“Bisexuality in the Ancient World” Eva Cantarella (1988) Review | Then suffer from machismo

★★★★★ A man marries woman as a social obligation, a man has a relationship with a younger man for education in Greece, and for his manliness in Rome - and the societies get tired. Fascinating to see we've always suffered from the same things, patriarchy and machismo.
🔽 log 🔽
Bisexuality in the Ancient World
Eva Cantarella, 1988
Secondo natura
286 pages
Read 2025.06


🔽 Book review and notes 🔽
I've had this for long, but didn't really realise it was so academic, written by a university professor in Milan.

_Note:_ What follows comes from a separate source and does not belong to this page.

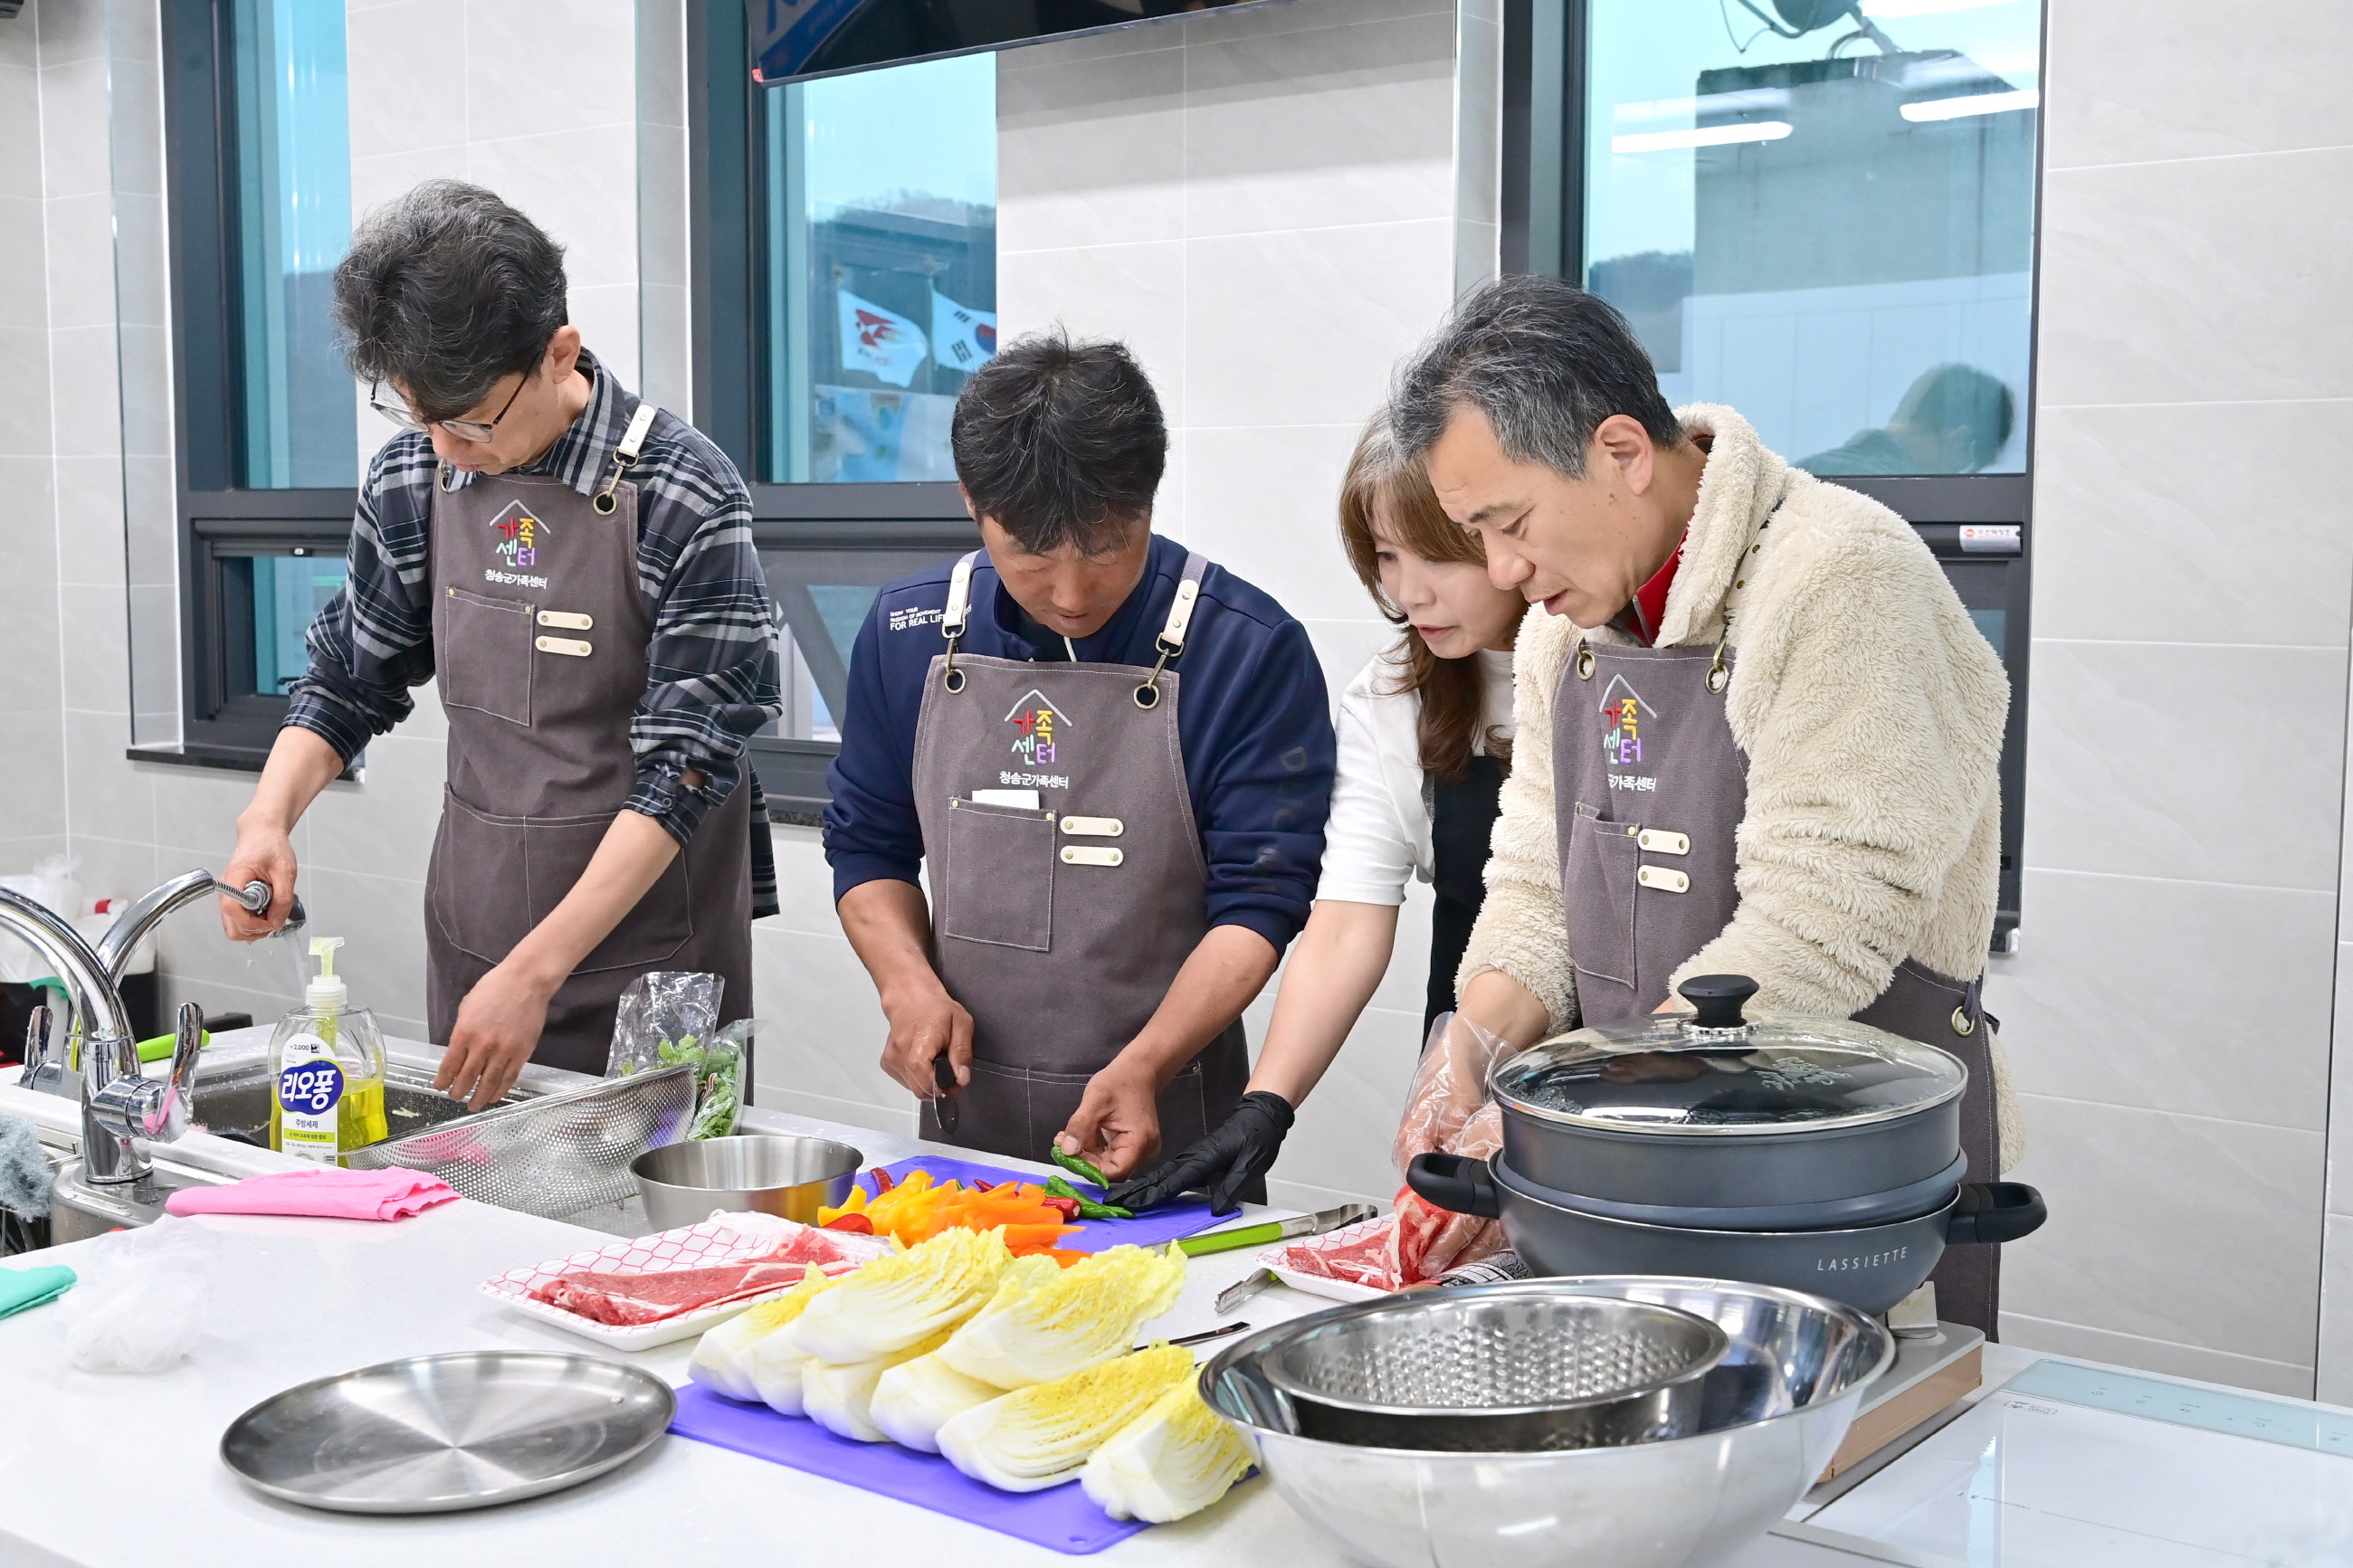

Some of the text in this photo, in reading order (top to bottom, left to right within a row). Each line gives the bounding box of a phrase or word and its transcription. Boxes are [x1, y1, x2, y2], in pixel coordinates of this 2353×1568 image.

Bisexuality here is not the same definition as today, as in, loving men and women at the same level.
It means that men are socially obliged to marry women, but also to love men, for different reasons in Greece and Rome.

In Greece it was about education and sophistication, and only men could educate boys via semen.
Rome was about machismo, men conquer at wars and in life they conquer women and other men.
In the end both cultures were extremely misogynistic.
It's all about how men should be higher than women.
In Rome, then came the religion (made by men of course, then it spread to Greece) misogynistic as ever, but this time to protect men's superiority they told people to focus on reproduction, just marry and have sex with women who will give more births.
She argues that, however it was not Christianity that changed this attitude of loving men, men were already a bit tired of being forced to be macho constantly, times change, people change, so it was more that Christianity came at the right time.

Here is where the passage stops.